Además de las limitaciones de alojamiento, los turistas que eligen destinos de costa deben estar atentos a las regulaciones locales que afectan a la convivencia y el uso del espacio público. Al igual que ocurre con el control de los apartamentos, las corporaciones locales están endureciendo la vigilancia en otros ámbitos, como la normativa de playas en España, que este año incluye sanciones más severas por conductas incívicas o la reserva indebida de espacio en la arena.

Mayor control fiscal y cruce de datos automatizado

Para asegurar el cumplimiento de estas prohibiciones, las administraciones públicas han intensificado la colaboración con la Agencia Tributaria y las principales plataformas digitales de alquiler. A través del cruce automatizado de datos, las autoridades pueden identificar de forma inmediata aquellos anuncios que carecen de licencia habilitante o que utilizan números de registro falsos.

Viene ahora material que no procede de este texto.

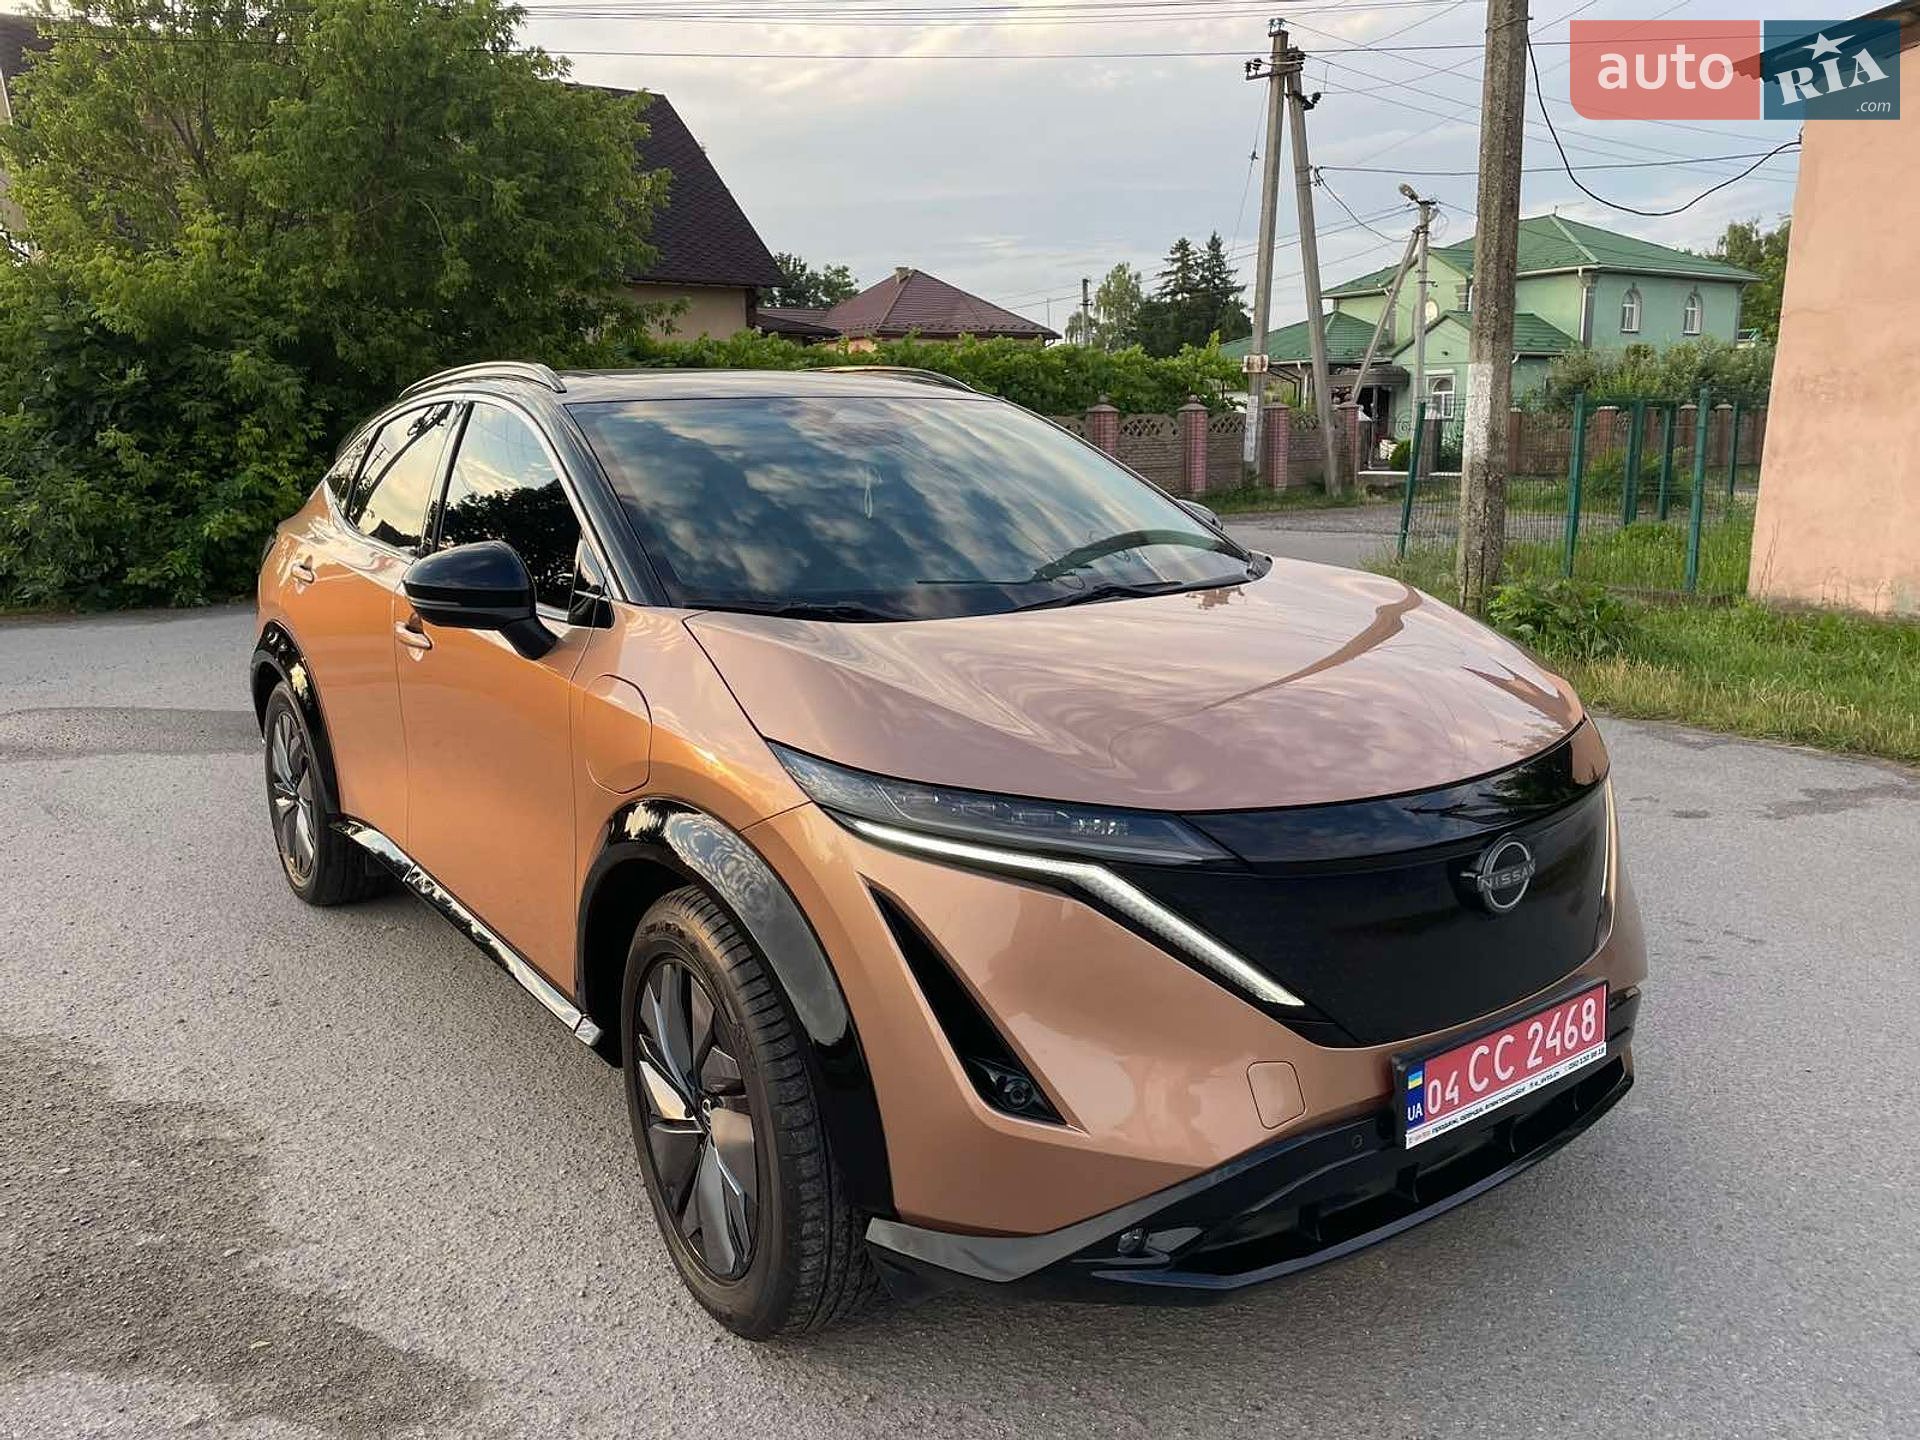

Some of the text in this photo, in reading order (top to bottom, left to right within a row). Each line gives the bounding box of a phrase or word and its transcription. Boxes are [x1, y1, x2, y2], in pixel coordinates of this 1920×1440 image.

[1427, 1070, 1459, 1115] 04
[1468, 1034, 1515, 1092] CC
[1526, 997, 1596, 1069] 2468
[1407, 1102, 1423, 1121] UA
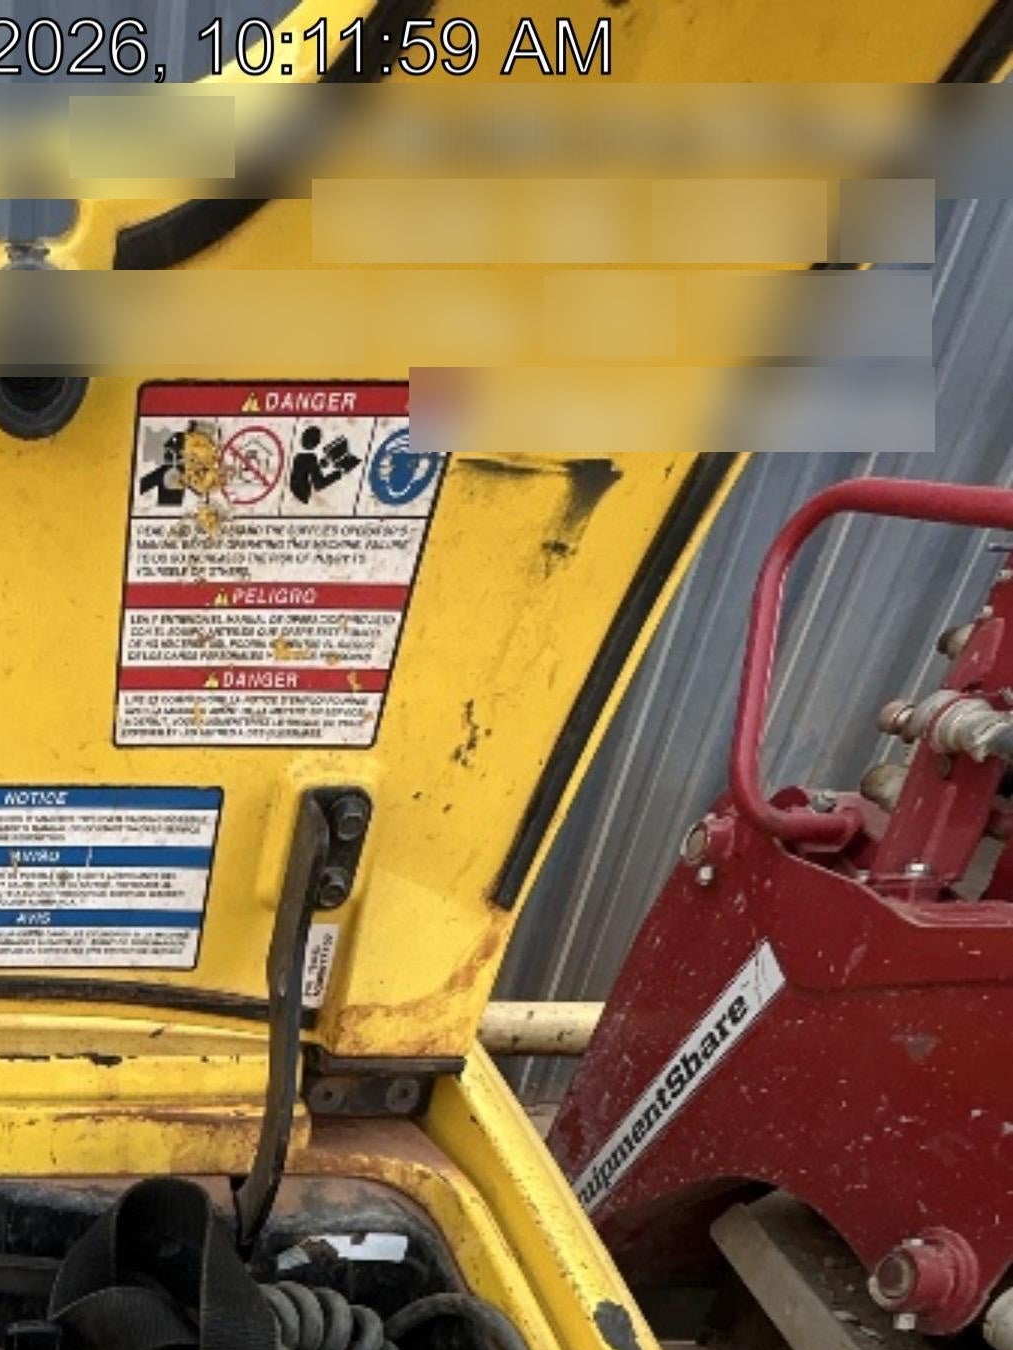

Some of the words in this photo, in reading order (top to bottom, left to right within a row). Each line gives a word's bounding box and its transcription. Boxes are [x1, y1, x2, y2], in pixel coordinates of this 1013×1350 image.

[264, 391, 358, 413] DANGER
[231, 587, 319, 605] PELIGRO
[221, 672, 299, 688] DANGER
[3, 790, 69, 806] NOTICE
[578, 993, 750, 1205] uipmentShare

Las multas para los propietarios que infrinjan las normativas locales pueden alcanzar sumas de hasta 600.000 euros en los casos más graves, especialmente en regiones como Cataluña y Baleares. Con estas medidas, España busca equilibrar la balanza entre el desarrollo económico derivado del turismo y el derecho constitucional a una vivienda digna y accesible para la población local.